> **Data under study**
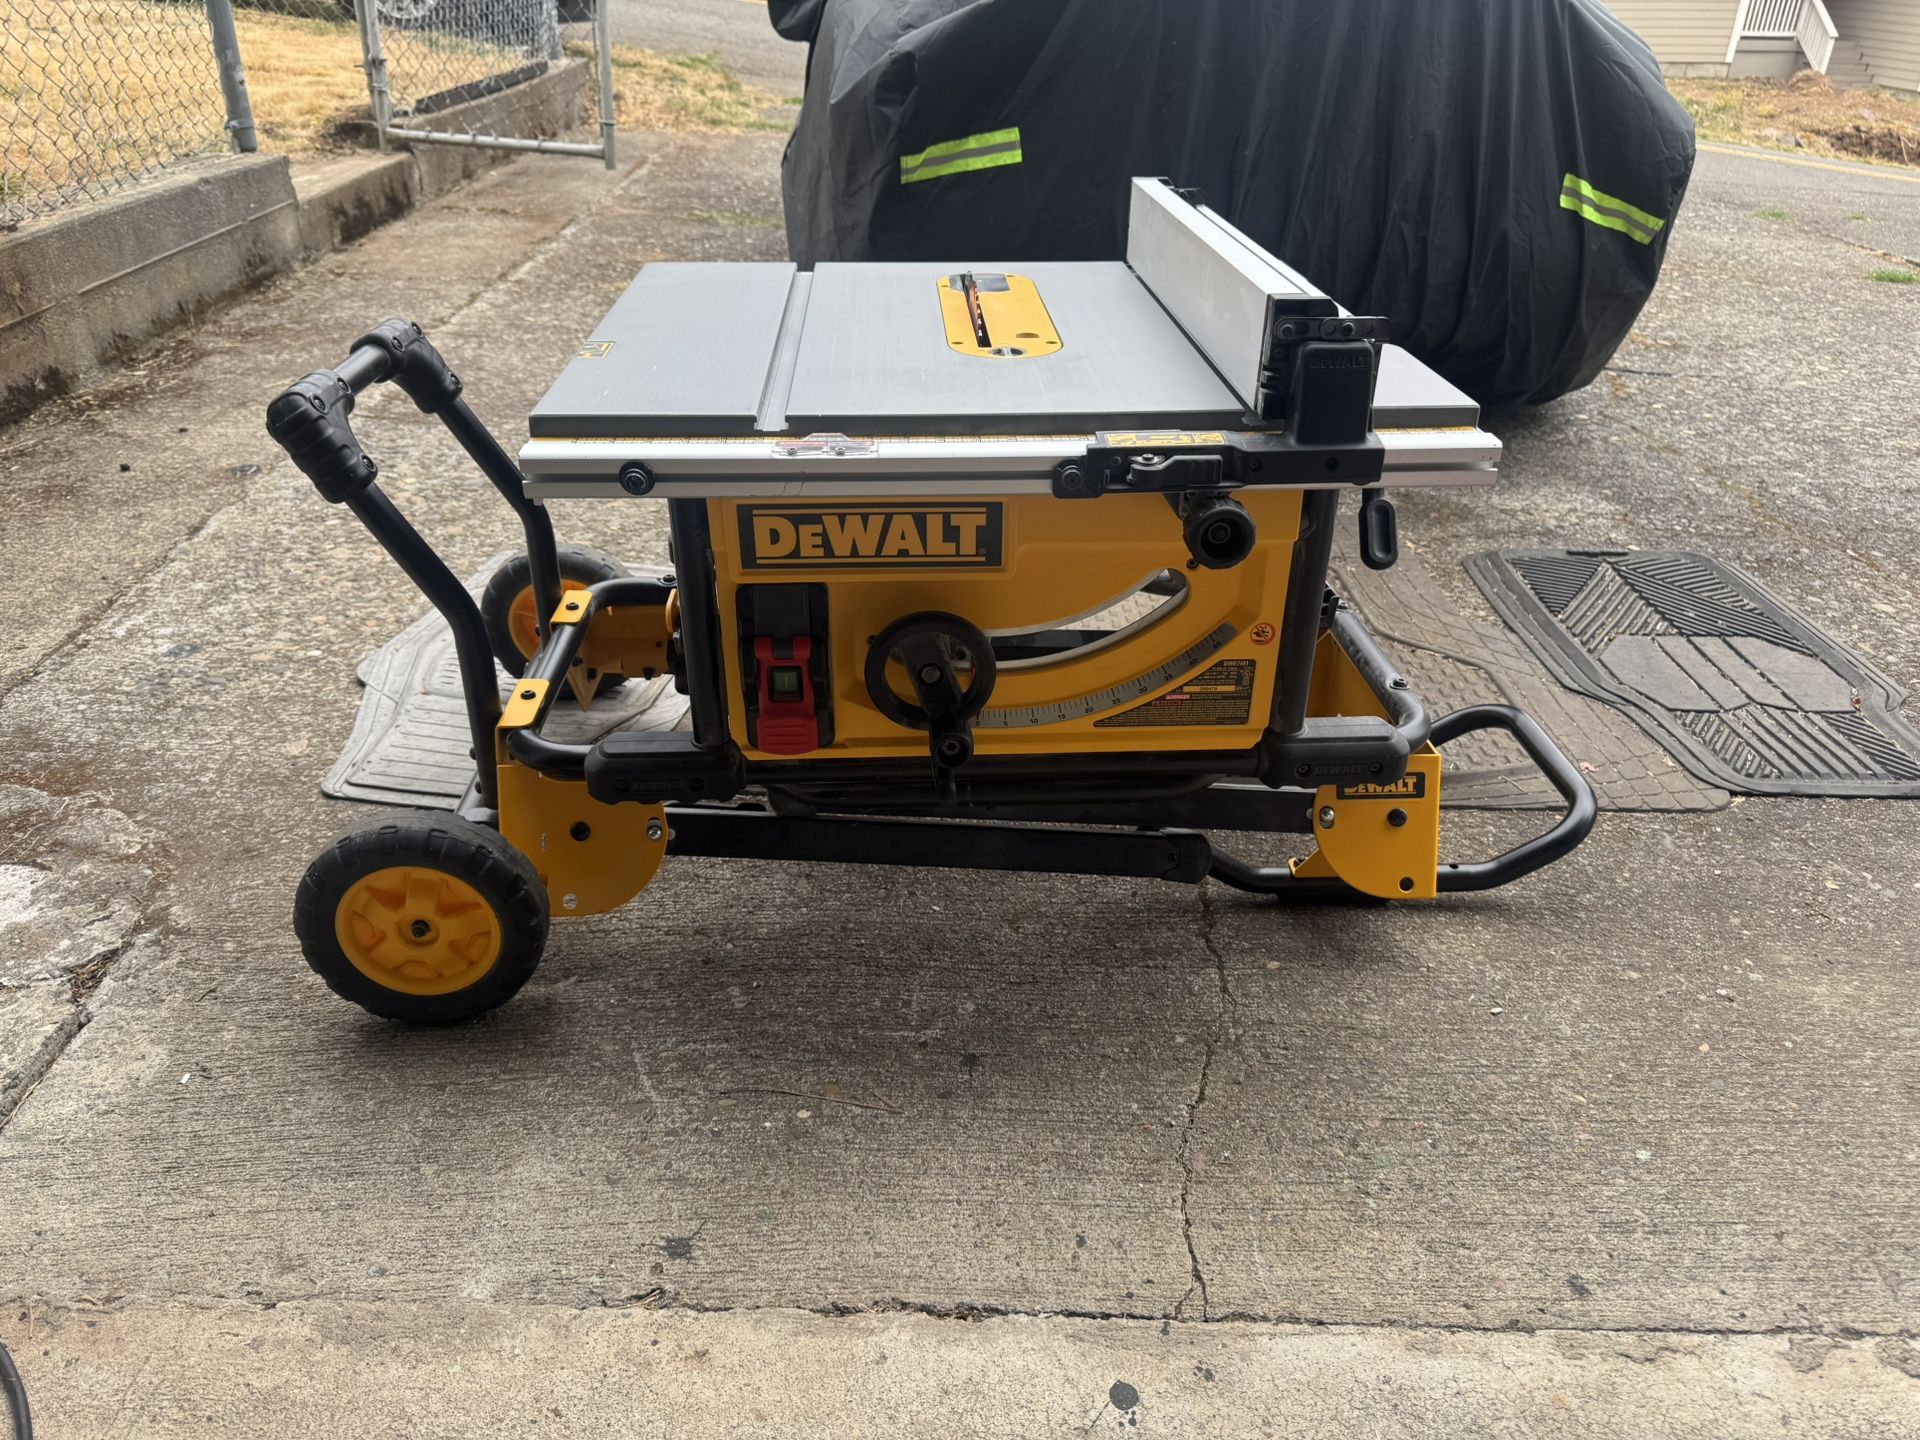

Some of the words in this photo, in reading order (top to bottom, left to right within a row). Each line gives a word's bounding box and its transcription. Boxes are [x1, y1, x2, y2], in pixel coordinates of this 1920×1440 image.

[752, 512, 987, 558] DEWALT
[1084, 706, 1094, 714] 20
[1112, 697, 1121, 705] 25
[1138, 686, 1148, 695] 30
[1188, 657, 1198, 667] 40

> **Work instruction**
Every entry above is to be printed again exactly, pictures omitted.

> **Output of the task**
Some of the words in this photo, in reading order (top to bottom, left to right within a row). Each line gives a word's bounding box and its transcription. Boxes are [x1, y1, x2, y2], in pixel coordinates of this 1920×1440 image.

[752, 512, 987, 558] DEWALT
[1084, 706, 1094, 714] 20
[1112, 697, 1121, 705] 25
[1138, 686, 1148, 695] 30
[1188, 657, 1198, 667] 40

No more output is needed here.